Among the entries, how many lines carry the string "Please"? Give the number and nothing else.
*** DATA EXCERPTS Section Begins ***
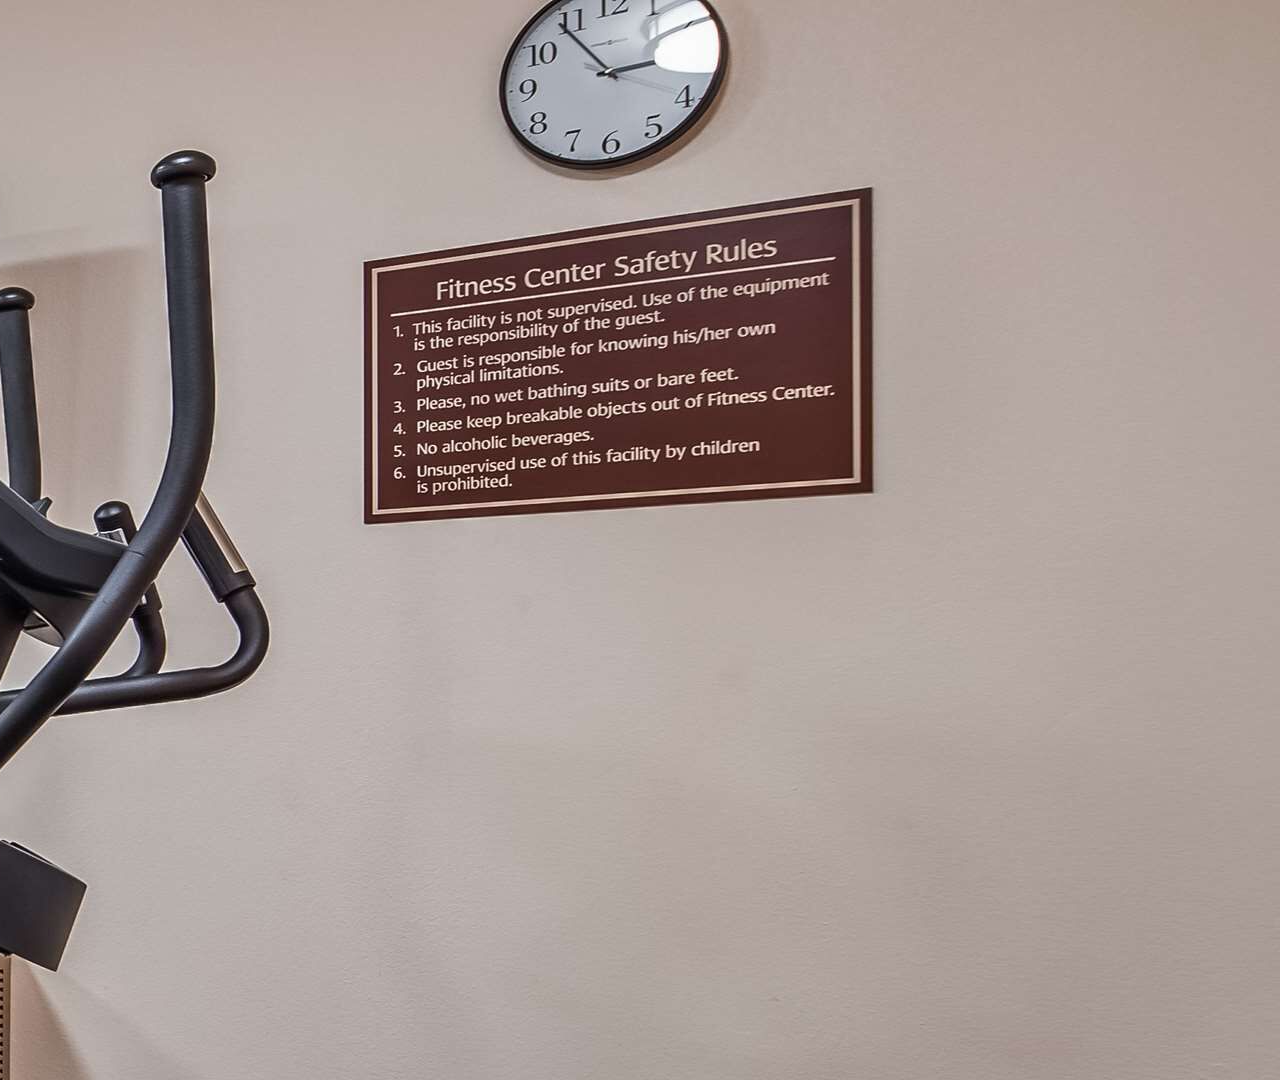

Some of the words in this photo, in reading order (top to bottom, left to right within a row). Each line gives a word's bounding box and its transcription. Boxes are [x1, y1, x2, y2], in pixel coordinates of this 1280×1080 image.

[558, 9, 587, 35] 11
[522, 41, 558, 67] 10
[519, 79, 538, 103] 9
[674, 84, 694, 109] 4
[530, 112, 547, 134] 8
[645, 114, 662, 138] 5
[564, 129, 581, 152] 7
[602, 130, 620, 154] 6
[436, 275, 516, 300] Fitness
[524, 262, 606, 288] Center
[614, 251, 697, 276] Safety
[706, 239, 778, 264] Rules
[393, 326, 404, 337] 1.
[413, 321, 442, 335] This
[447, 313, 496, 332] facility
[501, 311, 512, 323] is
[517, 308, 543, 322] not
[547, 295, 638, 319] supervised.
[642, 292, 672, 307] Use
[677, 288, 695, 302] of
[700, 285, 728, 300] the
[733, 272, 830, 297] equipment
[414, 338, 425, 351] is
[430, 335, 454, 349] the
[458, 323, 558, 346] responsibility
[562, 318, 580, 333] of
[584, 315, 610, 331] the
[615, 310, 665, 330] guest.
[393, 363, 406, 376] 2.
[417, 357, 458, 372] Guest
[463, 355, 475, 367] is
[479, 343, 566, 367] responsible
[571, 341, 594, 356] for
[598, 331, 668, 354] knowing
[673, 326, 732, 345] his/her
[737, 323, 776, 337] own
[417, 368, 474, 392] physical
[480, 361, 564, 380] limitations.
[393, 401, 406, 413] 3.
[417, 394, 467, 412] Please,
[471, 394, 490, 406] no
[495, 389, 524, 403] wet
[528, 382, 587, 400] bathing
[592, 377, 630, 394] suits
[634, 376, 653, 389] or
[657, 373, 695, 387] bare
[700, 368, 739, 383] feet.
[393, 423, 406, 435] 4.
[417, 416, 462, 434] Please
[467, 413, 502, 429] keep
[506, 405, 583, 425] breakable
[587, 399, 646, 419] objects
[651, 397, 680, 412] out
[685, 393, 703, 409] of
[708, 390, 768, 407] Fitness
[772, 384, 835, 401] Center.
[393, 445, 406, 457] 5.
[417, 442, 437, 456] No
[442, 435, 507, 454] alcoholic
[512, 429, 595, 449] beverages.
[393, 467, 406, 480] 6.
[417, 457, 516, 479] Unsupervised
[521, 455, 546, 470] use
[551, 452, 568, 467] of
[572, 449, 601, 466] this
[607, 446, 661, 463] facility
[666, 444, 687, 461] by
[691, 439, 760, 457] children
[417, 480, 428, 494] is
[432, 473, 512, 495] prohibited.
*** DATA EXCERPTS Section Ends ***
**REPLY**
2